Je suis mortifié de nouveau de voir les incendies en Grèce ravager le pays.

J’ai écris un article dans Rue89 :

- Incendies en Grèce : des catastrophes pas très naturelles

- Des photos sur Flickr : Φωτιά στην Β.Α Αττική : un album sur Flickr

- kathimerini.gr (Ευχαριστώ τον Ανεμο : ANemos : Φωτιές εκλογών και αποπροσανατολισμού ΞΑΝΑ)

- "Φλέγονται" από κέρδη τράπεζες και Χρηματιστήριο Αθηνών. Drame national. La bourse d’aAThènes a bondi ceLundi matin de 2.500 unités. Augmentation de 1,90% juste après l’ouverture. C’est hallucinant. Le pays brûle et les banques spéculent sur les prochaines constructions immobilières.

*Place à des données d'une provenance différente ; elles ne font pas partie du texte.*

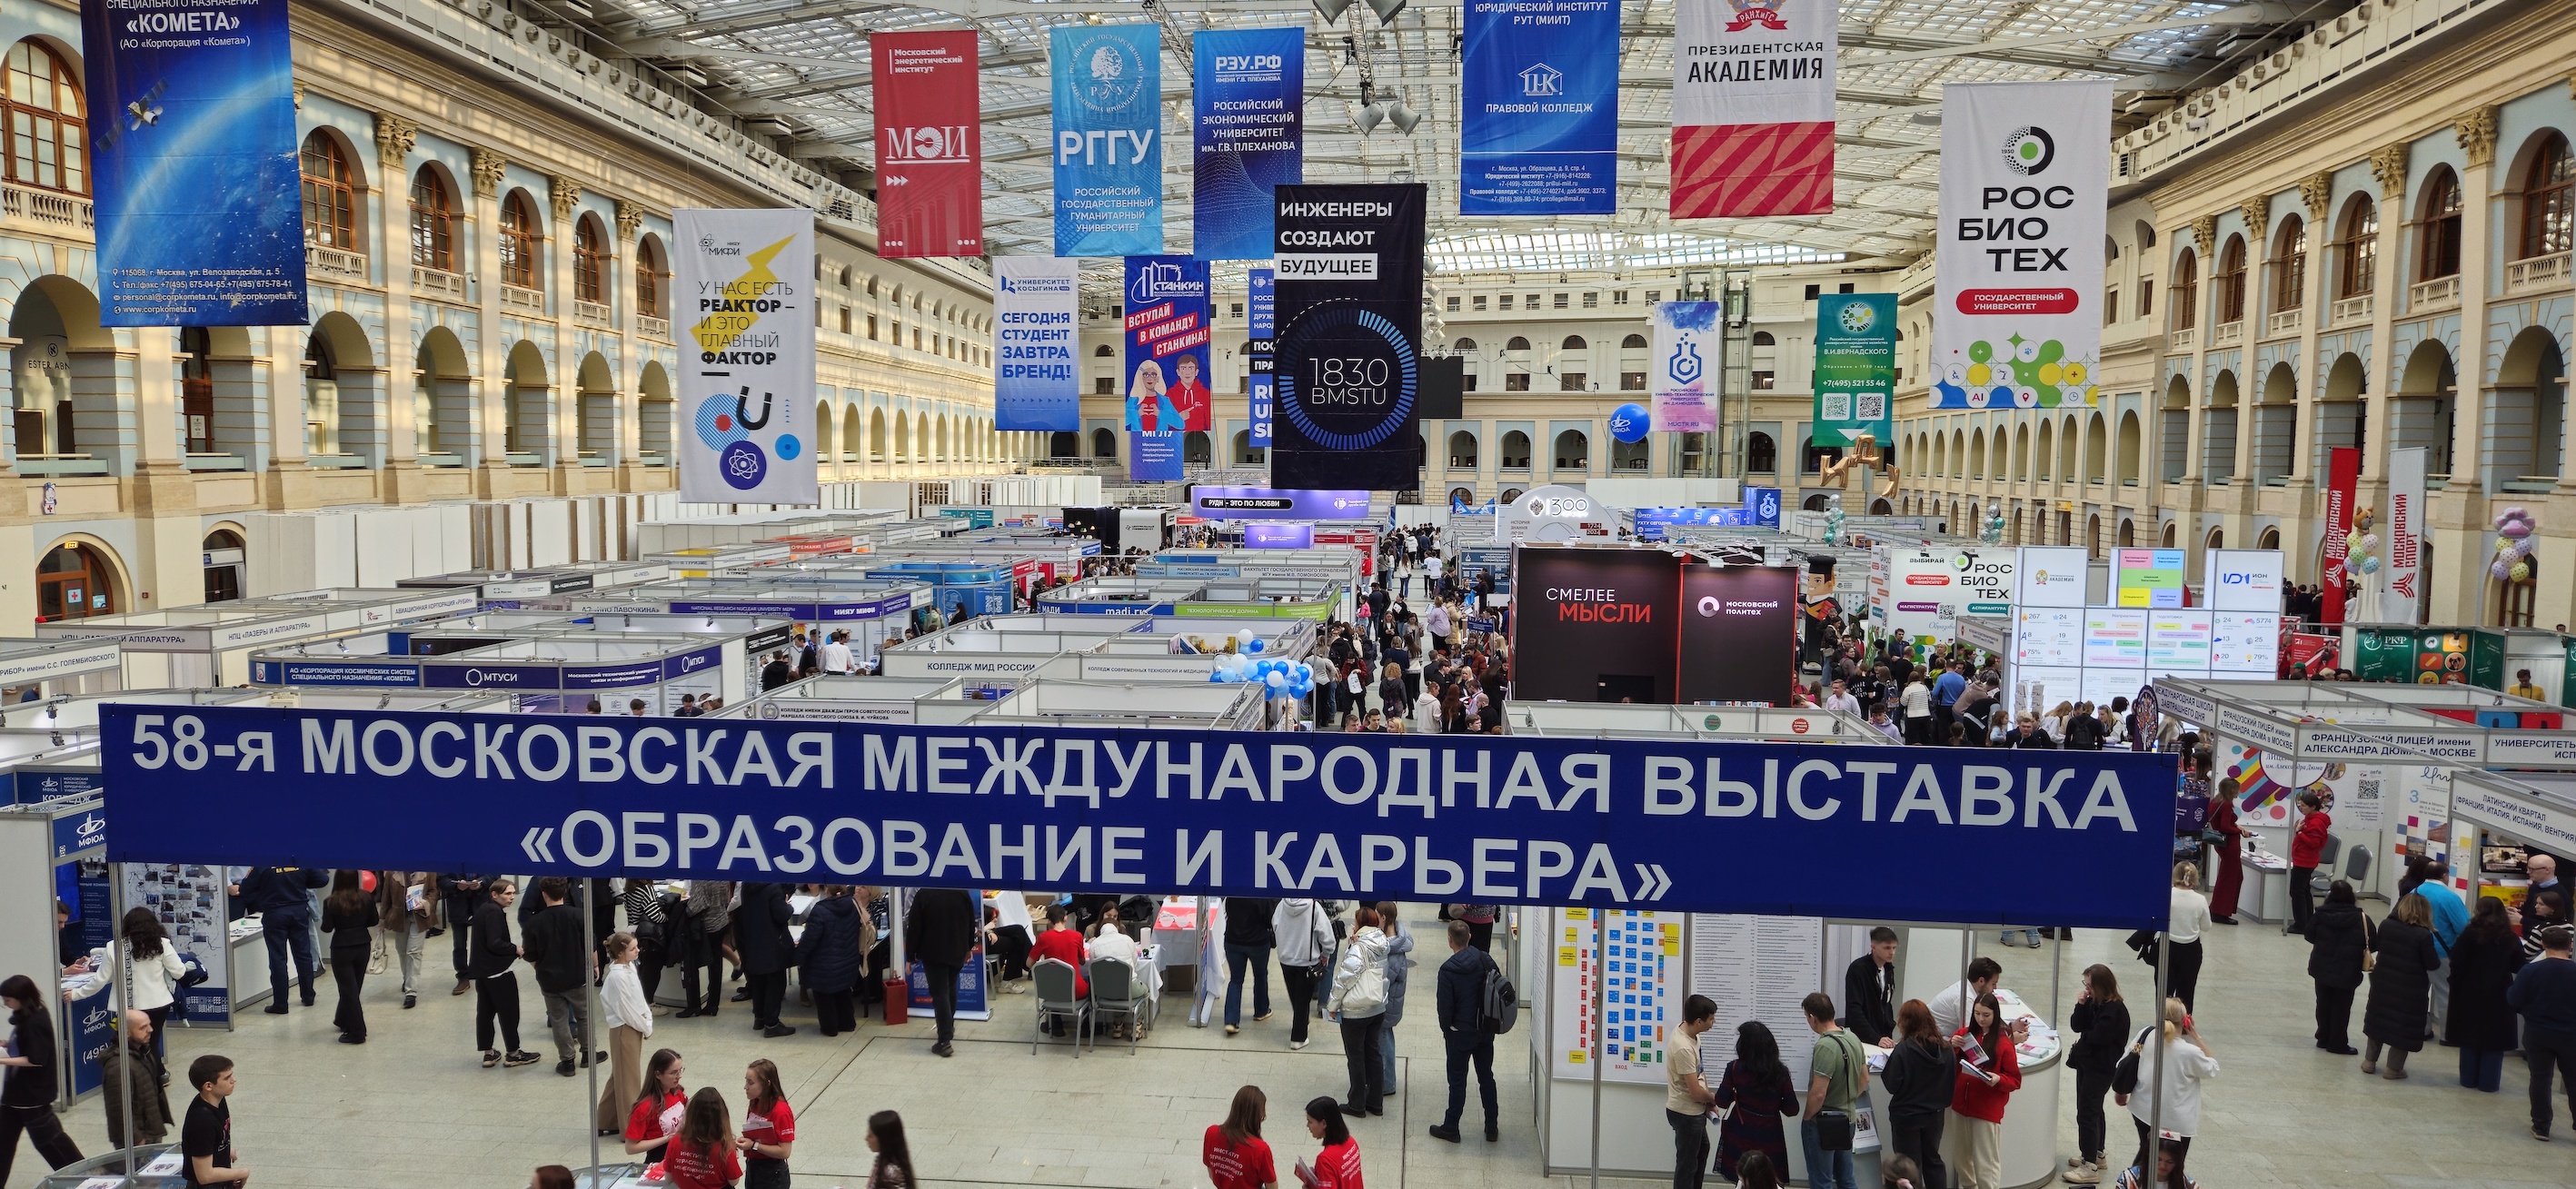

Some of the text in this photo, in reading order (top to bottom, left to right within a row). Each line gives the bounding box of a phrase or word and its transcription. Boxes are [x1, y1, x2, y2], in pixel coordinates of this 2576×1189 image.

[1476, 0, 1608, 13] ЮРИДИЧЕСКИЙ ИНСТИТУТ
[126, 12, 240, 33] «КОМЕТА»
[1514, 15, 1570, 25] РУТ (МИИТ)
[1739, 11, 1775, 23] РАНХиГС
[120, 35, 250, 50] (АО «Корпорация «Комета»)
[1688, 42, 1823, 55] ПРЕЗИДЕНТСКАЯ
[894, 47, 946, 56] Московский
[895, 55, 962, 65] энергетический
[1216, 54, 1281, 70] РЭУ.РФ
[895, 65, 933, 74] институт
[1688, 58, 1823, 83] АКАДЕМИЯ
[1214, 97, 1283, 110] РОССИЙСКИЙ
[1487, 102, 1593, 114] ПРАВОВОЙ КОЛЛЕДЖ
[1202, 112, 1294, 124] ЭКОНОМИЧЕСКИЙ
[1213, 127, 1284, 138] УНИВЕРСИТЕТ
[885, 126, 970, 159] МЭИ
[1059, 129, 1154, 165] РГГУ
[1075, 186, 1140, 196] РОССИЙСКИЙ
[1983, 185, 2074, 210] РОС
[1062, 198, 1154, 209] ГОСУДАРСТВЕННЫЙ
[1281, 202, 1392, 216] ИНЖЕНЕРЫ
[1070, 210, 1145, 221] ГУМАНИТАРНЫЙ
[1076, 223, 1139, 233] УНИВЕРСИТЕТ
[1958, 217, 2048, 241] БИО
[1280, 231, 1375, 247] СОЗДАЮТ
[709, 247, 740, 255] МИФИ
[1986, 247, 2069, 272] ТЕХ
[1281, 260, 1371, 275] БУДУЩЕЕ
[699, 282, 792, 295] У НАС ЕСТЬ
[1154, 282, 1204, 291] СТАНКИН
[1974, 292, 2064, 302] ГОСУДАРСТВЕННЫЙ
[124, 306, 196, 314] www.corpkometa.ru
[701, 299, 781, 312] РЕАКТОР
[1002, 312, 1069, 325] СЕГОДНЯ
[1129, 302, 1170, 329] ВСТУПАЙ
[701, 316, 749, 330] И ЭТО
[1140, 314, 1194, 342] В КОМАНДУ
[701, 332, 779, 347] ГЛАВНЫЙ
[1002, 330, 1069, 342] СТУДЕНТ
[1157, 330, 1207, 356] СТАНКИНА!
[701, 352, 776, 364] ФАКТОР
[1002, 346, 1069, 359] ЗАВТРА
[1003, 365, 1070, 381] БРЕНД!
[1309, 358, 1387, 386] 1830
[1312, 388, 1386, 404] BMSTU
[2326, 490, 2342, 559] МОСКОВСКИЙ
[2393, 494, 2407, 568] МОСКОВСКИЙ
[2335, 528, 2348, 560] СПОРТ
[2405, 533, 2417, 568] СПОРТ
[1974, 564, 2013, 574] РОС
[1961, 577, 1998, 586] БИО
[1546, 588, 1616, 602] СМЕЛЕЕ
[1975, 590, 2009, 599] ТЕХ
[395, 604, 427, 614] АВИАЦИОННАЯ
[428, 600, 454, 609] КОРПОРАЦИЯ
[1559, 602, 1651, 623] МЫСЛИ
[243, 629, 268, 639] «ЛАЗЕРЫ
[274, 623, 310, 633] АППАРАТУРА»
[47, 661, 59, 669] С.С.
[61, 653, 115, 667] ГОЛЕМБИОВСКОГО
[927, 662, 1035, 672] КОЛЛЕДЖ МИД РОССИИ
[484, 673, 518, 681] МТУСИ
[2220, 719, 2251, 735] АЛЕКСАНДРА
[2251, 730, 2267, 742] ДЮМА
[2272, 737, 2293, 750] МОСКВЕ
[2396, 733, 2434, 746] ЛИЦЕЙ
[132, 713, 2139, 832] 58-я МОСКОВСКАЯ МЕЖДУНАРОДНАЯ ВЫСТАВКА
[2410, 789, 2419, 803] 3
[79, 834, 104, 847] МФЮА
[520, 809, 1674, 903] «ОБРАЗОВАНИЕ И КАРЬЕРА»
[85, 1021, 106, 1035] МФЮА

Pleurons ! Un jeune avait publié cet aphorisme au moment des incendies de 2007 : "Autrefois le citoyen athénien votait en faveur de l’égalité, la liberté, la beauté ; il vote aujourd’hui pour qu’on lui fasse sa petite faveur ou pour raviver son petit intérêt. Il n’y a plus d’Agora, plus de société. Juste des écrans, des chambres, de l’égoïsme. Un profond et noir solipsisme. " (Anonyme sur http://www.lifo.gr/)

Αν κάποτε ο Αθηναίος πολίτης ψήφιζε υπέρ της ισονομίας, της ελευθερίας και της ομορφιάς, τώρα ψηφίζει για να του κάνουν ένα ρουσφετάκι ή για να τονώσει το μικροσυμφέρον του. Δεν υπάρχει Αγορά, ούτε κοινωνία. Υπάρχουν οθόνες, δωμάτια και εγωισμός. Ένας βαθύς, κατάμαυρος σολιψισμός.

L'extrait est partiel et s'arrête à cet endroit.